■ About this task ■
Once the line holding "this 1578×1578 image." is found in the entries below, transcribe exactly every line up to and including the one holding "this 960×1280 image.", but leave out the pictures.
**** Exercise data
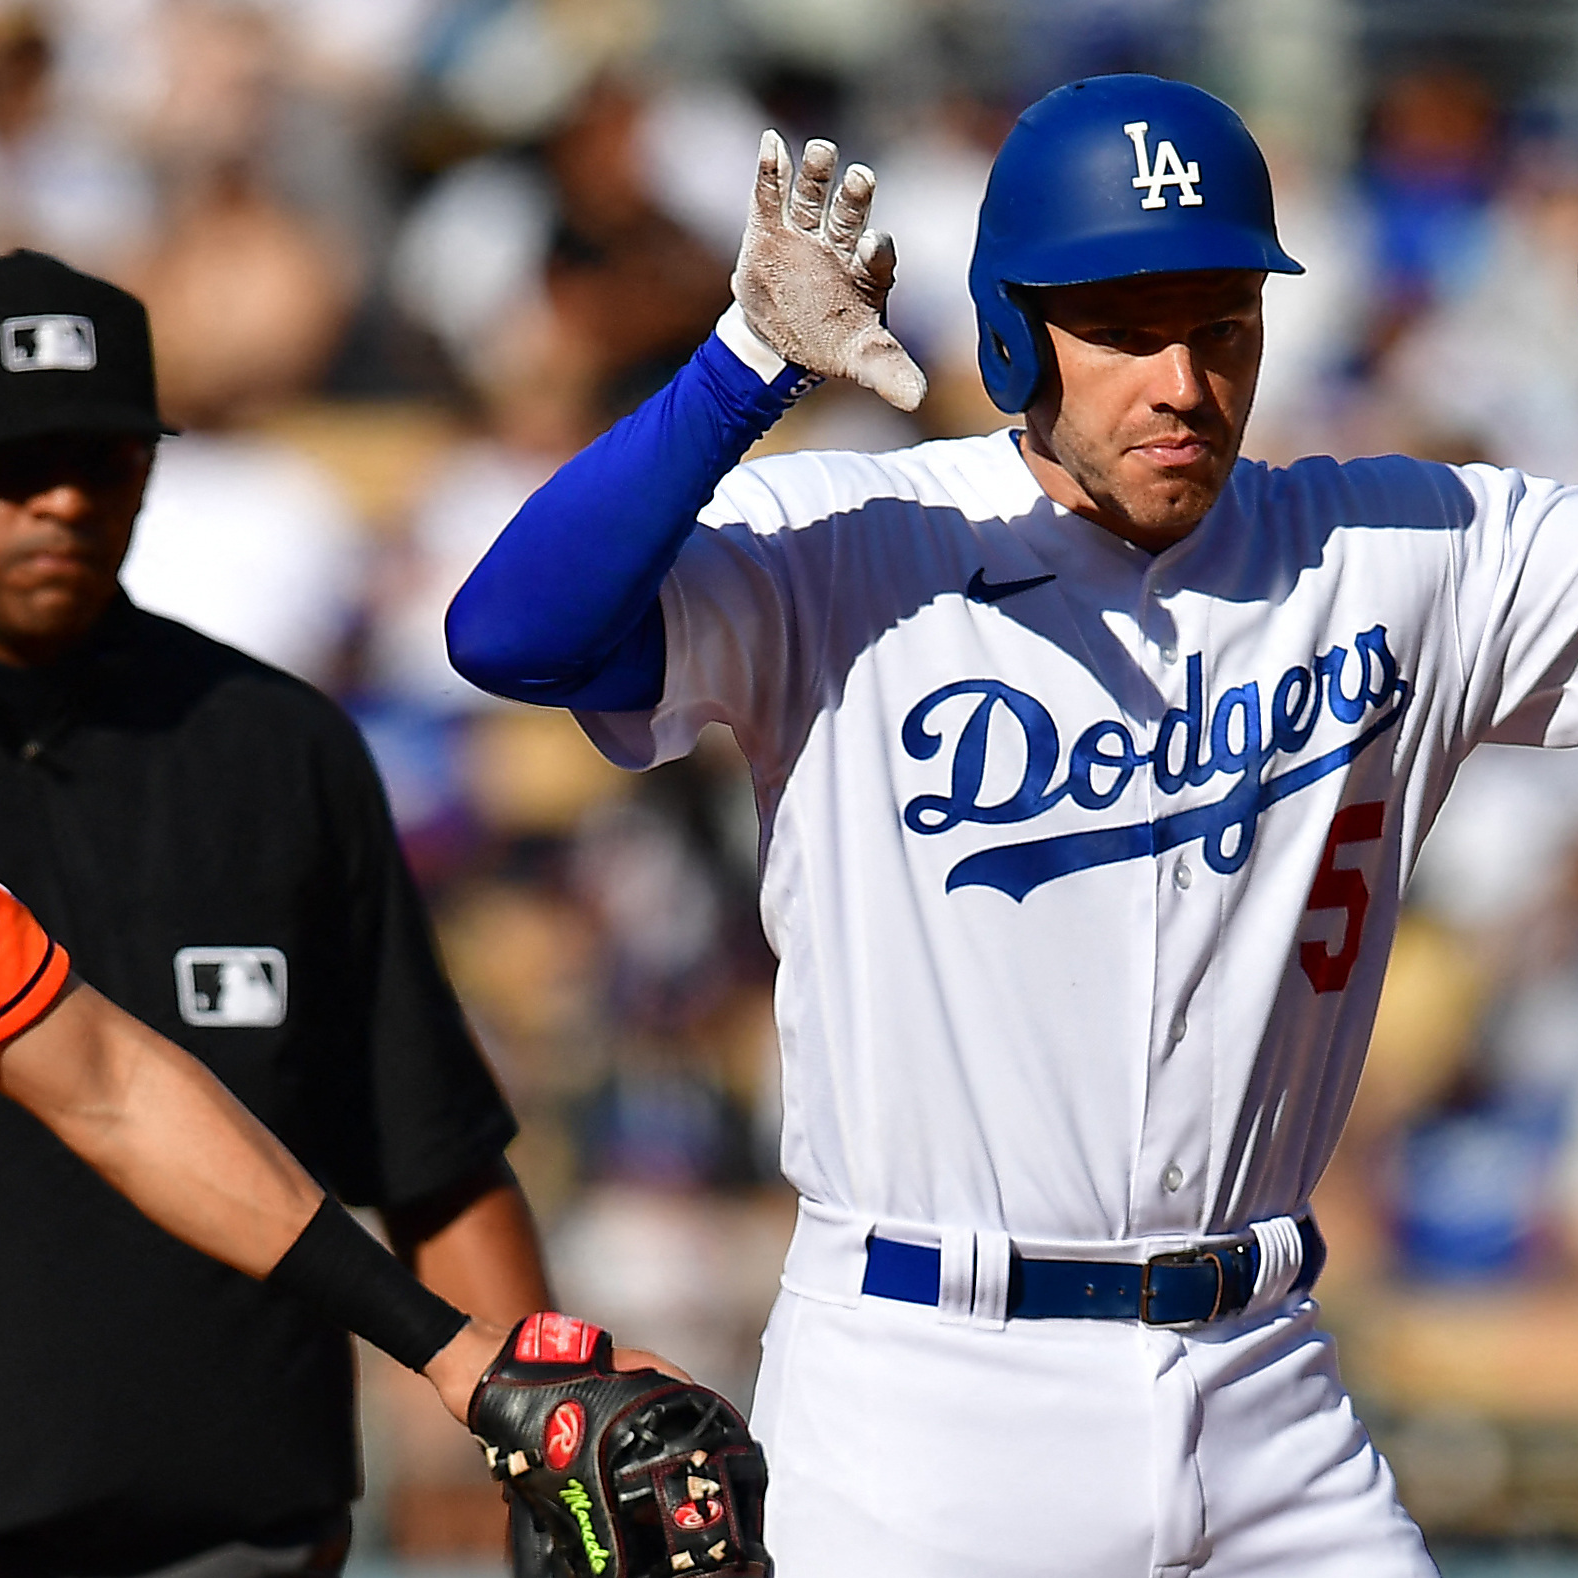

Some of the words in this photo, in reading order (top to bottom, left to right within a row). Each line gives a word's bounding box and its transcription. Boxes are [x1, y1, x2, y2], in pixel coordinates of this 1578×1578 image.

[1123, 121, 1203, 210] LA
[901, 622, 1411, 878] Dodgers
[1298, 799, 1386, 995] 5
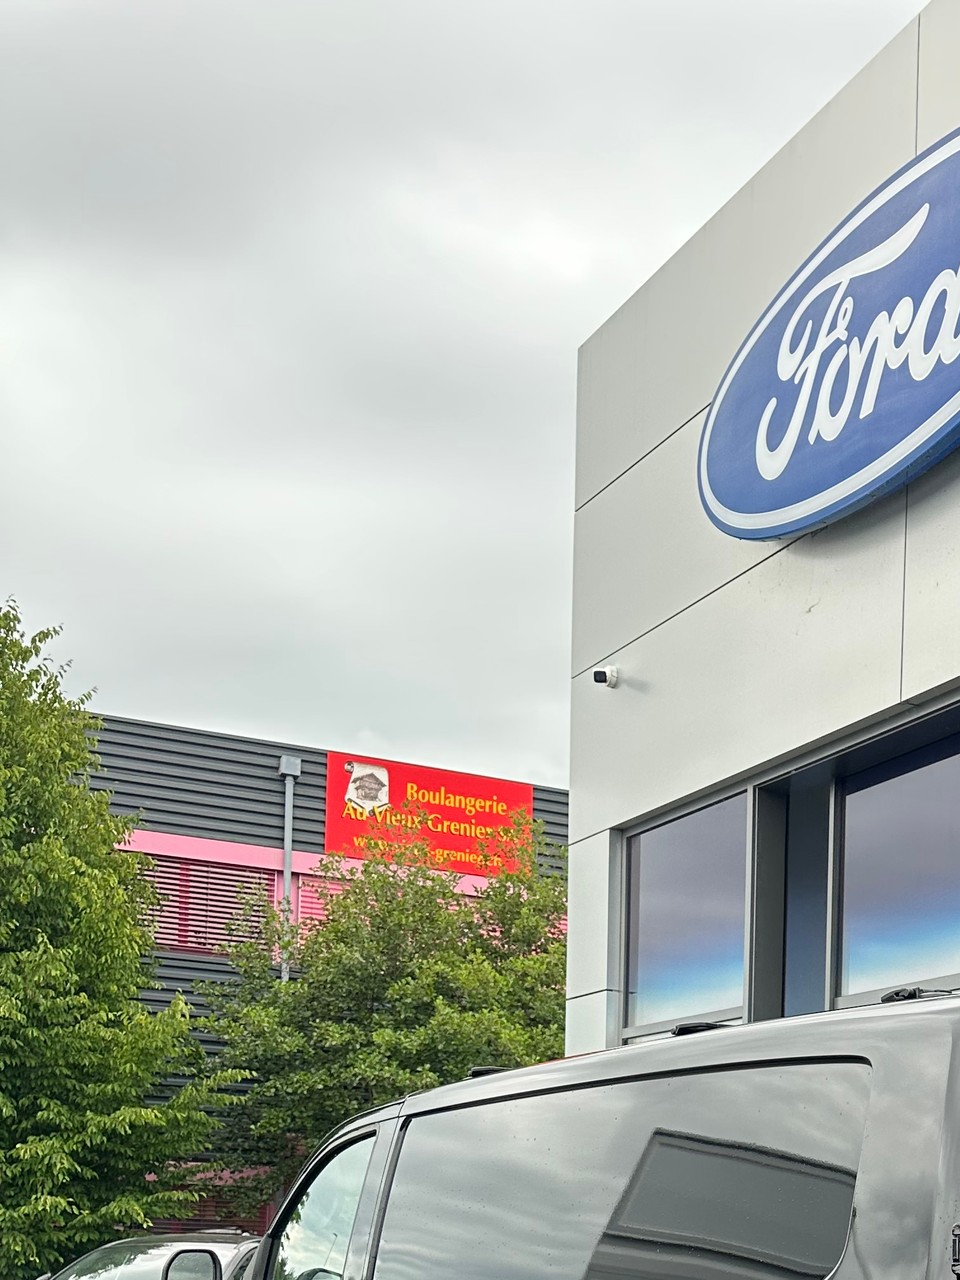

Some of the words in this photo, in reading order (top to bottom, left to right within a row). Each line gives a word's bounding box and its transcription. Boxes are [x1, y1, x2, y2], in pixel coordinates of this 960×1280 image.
********
**** Exercise data
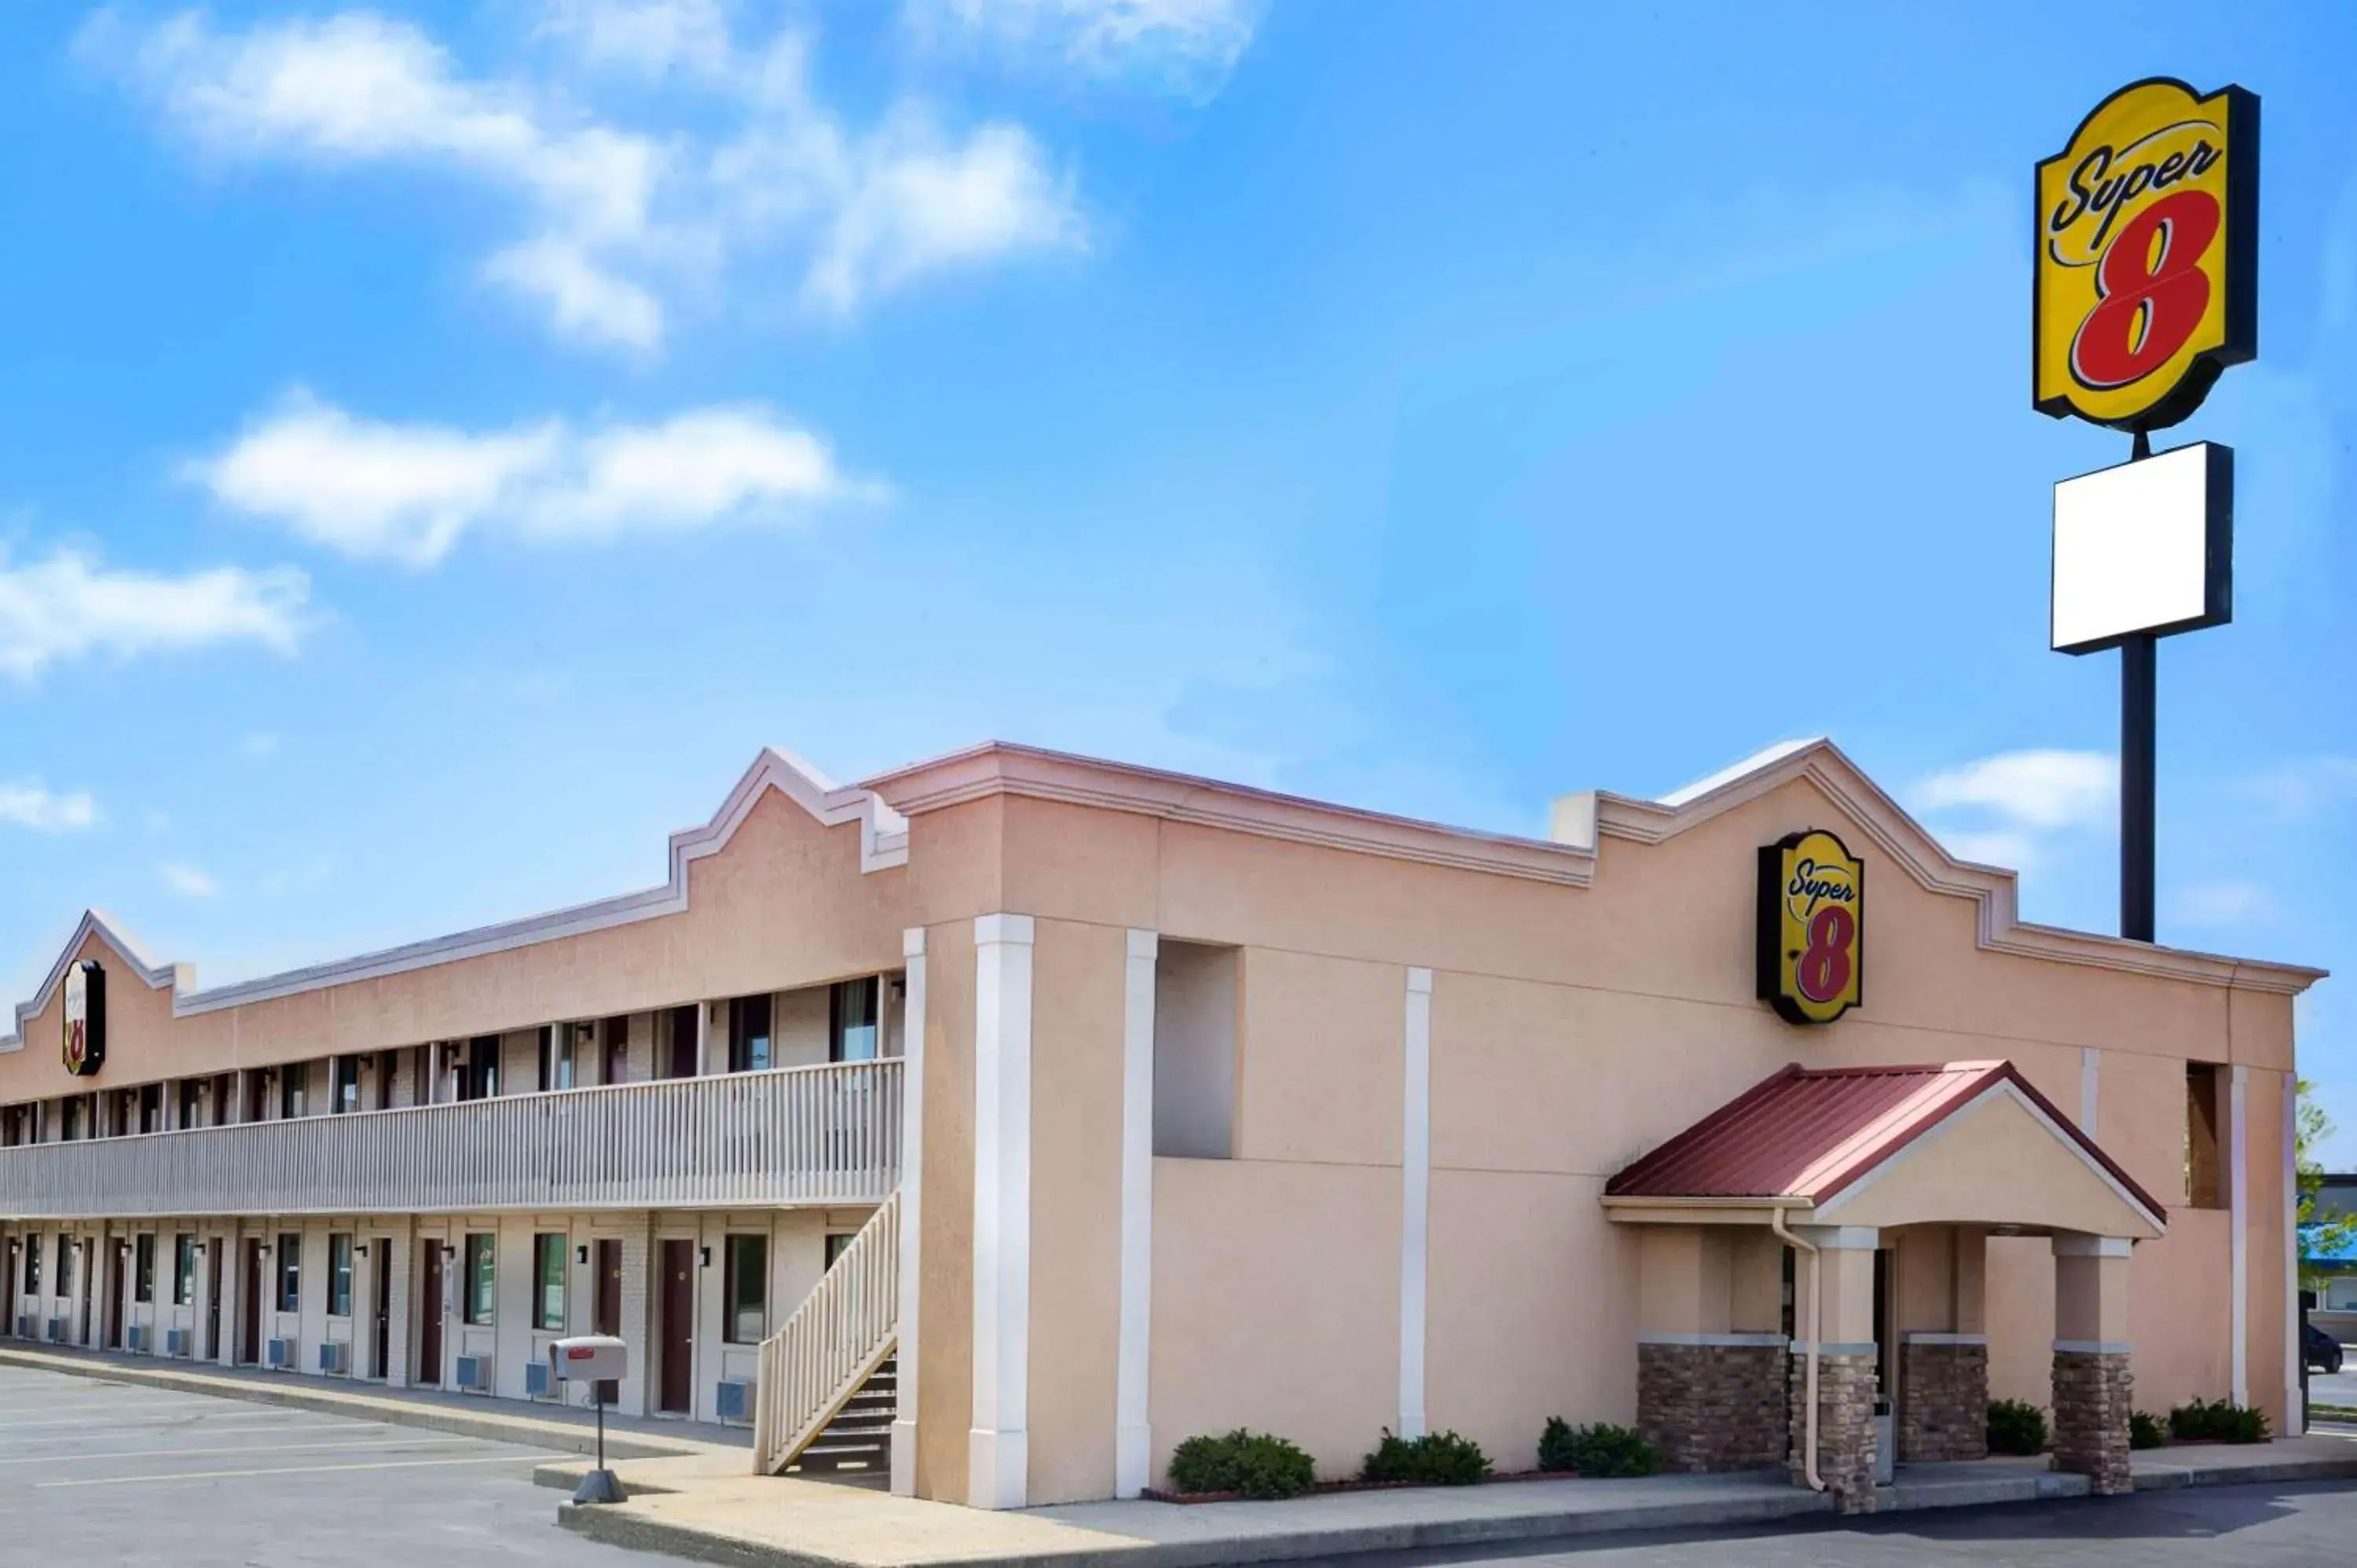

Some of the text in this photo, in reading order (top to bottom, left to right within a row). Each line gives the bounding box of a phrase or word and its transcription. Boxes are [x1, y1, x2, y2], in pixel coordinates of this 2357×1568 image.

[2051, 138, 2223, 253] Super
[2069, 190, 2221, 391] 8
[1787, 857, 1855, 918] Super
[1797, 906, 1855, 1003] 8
********
■ Written solution ■
Some of the words in this photo, in reading order (top to bottom, left to right within a row). Each line gives a word's bounding box and its transcription. Boxes are [x1, y1, x2, y2], in pixel coordinates of this 1578×1578 image.

[1123, 121, 1203, 210] LA
[901, 622, 1411, 878] Dodgers
[1298, 799, 1386, 995] 5

Some of the words in this photo, in reading order (top to bottom, left to right within a row). Each line gives a word's bounding box and its transcription. Boxes are [x1, y1, x2, y2], in pixel coordinates of this 960×1280 image.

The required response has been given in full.